Luke took a Sunday off and we spent a long weekend visiting both our families. It was our "vacation" this year. It was relaxing and just what we needed. 


Have I mentioned that we spent A LOT of time outside? I usually wear Annie or put her in the stroller and then we go outside and Eli rides and rides and rides. At night he likes to play basketball with the boys from down the street



Those were just a few of the fun things that kept our summer occupied. We also had a lot of time inside playing, watching TV, movies, and the occasional childhood temper tantrums. It was a well-rounded summer. 

Eli starts "school" in just a few weeks. He will once again go to a Mother's Day Out program two days a week. I'm so glad we aren't at the "big" school age yet, two days a week is enough for right now. This summer has shown me just how much I love these lazy days at home with my babies.

And I'm sure, before too long I will be ready for Fall weather with those hot drinks and cute boots and football games. Just a few football games - let's not get carried away.

7/14/14

A List-Maker

I'm a list maker, it's what I do, I sit down and make a list and it makes me feel 100 times more productive than if I make a list in my head, or even on my phone or computer.

I need paper and a pen. I need to physically write down every single thing that needs to be done. In black ink. Not blue, pink, red or green. It needs to be black. And then when I complete the task on my to-do list I mark it out with red ink. Must be red.

I've even been known to make a list and include tasks that I've already completed just so I can feel the relief that comes when I cross through the word with red ink, knowing that it's done, completed and in the past.

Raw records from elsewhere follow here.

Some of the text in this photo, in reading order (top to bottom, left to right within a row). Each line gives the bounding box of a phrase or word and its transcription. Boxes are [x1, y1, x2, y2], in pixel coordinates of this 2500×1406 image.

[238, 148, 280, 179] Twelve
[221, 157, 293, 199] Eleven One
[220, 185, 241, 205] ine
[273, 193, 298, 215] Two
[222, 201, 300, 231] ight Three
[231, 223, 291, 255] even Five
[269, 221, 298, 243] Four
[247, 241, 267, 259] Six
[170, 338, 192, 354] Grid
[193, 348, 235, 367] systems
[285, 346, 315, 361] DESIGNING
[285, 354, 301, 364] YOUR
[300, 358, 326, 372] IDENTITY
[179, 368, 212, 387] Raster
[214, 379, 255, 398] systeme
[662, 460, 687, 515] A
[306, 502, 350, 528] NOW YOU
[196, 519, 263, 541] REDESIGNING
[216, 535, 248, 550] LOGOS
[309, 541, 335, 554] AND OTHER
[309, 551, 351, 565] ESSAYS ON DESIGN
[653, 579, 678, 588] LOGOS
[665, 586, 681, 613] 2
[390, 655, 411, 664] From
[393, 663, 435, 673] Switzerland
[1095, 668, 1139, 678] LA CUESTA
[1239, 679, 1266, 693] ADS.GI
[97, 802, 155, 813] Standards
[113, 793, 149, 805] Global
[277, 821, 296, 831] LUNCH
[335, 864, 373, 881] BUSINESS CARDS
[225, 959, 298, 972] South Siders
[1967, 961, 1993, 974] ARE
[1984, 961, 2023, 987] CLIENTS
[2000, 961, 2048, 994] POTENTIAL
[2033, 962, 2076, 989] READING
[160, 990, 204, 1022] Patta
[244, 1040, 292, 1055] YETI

If I make a list I accomplish more, for some reason the act of making a list spurs me on, it flips a switch in me that causes me to get to work.

But for the past six months or so I quit making lists. I've made a couple of lists here and there. Lists of things we needed to get done before Annie came, lists of bills that need to be taken care of, and I made a list of everything in my house that needed to be deep cleaned, however I only got to about half of them.

Because of my lack of list making lately I haven't been as productive in many areas of my life. For some reason when I was pregnant with Annie I figured I would just bounce right back into my groove after she came, but I didn't and I still haven't.

I keep waiting to wake up one day and decide that it's the day to get back into my groove, and then I don't. No reasons or excuses. Actually I do have an excuse I blame summer. It's sunny and pretty and we spend our time outside having fun. It's a good excuse, but mama needs to get productive again.

So today I woke up and made a list, and it felt good. I made a list of Scentsy related tasks, home related tasks, calls to make and things to organize. I also added "write a blog post" to the to-do list.

I hate that I haven't been writing much lately. Well actually at all. I hate that I haven't kept track of Annie's monthly milestones (I love reading back at Eli's) and all the fun things we've done lately. So here I am writing so that I can mark it off my list. I miss it too much when I don't do it.  Plus the satisfaction I get of using my red pen is something I don't want to miss.

I have given myself grace for not getting back into my groove so easily and I'm still giving myself grace, but I'm also ready, ready to mark through some to-do lists!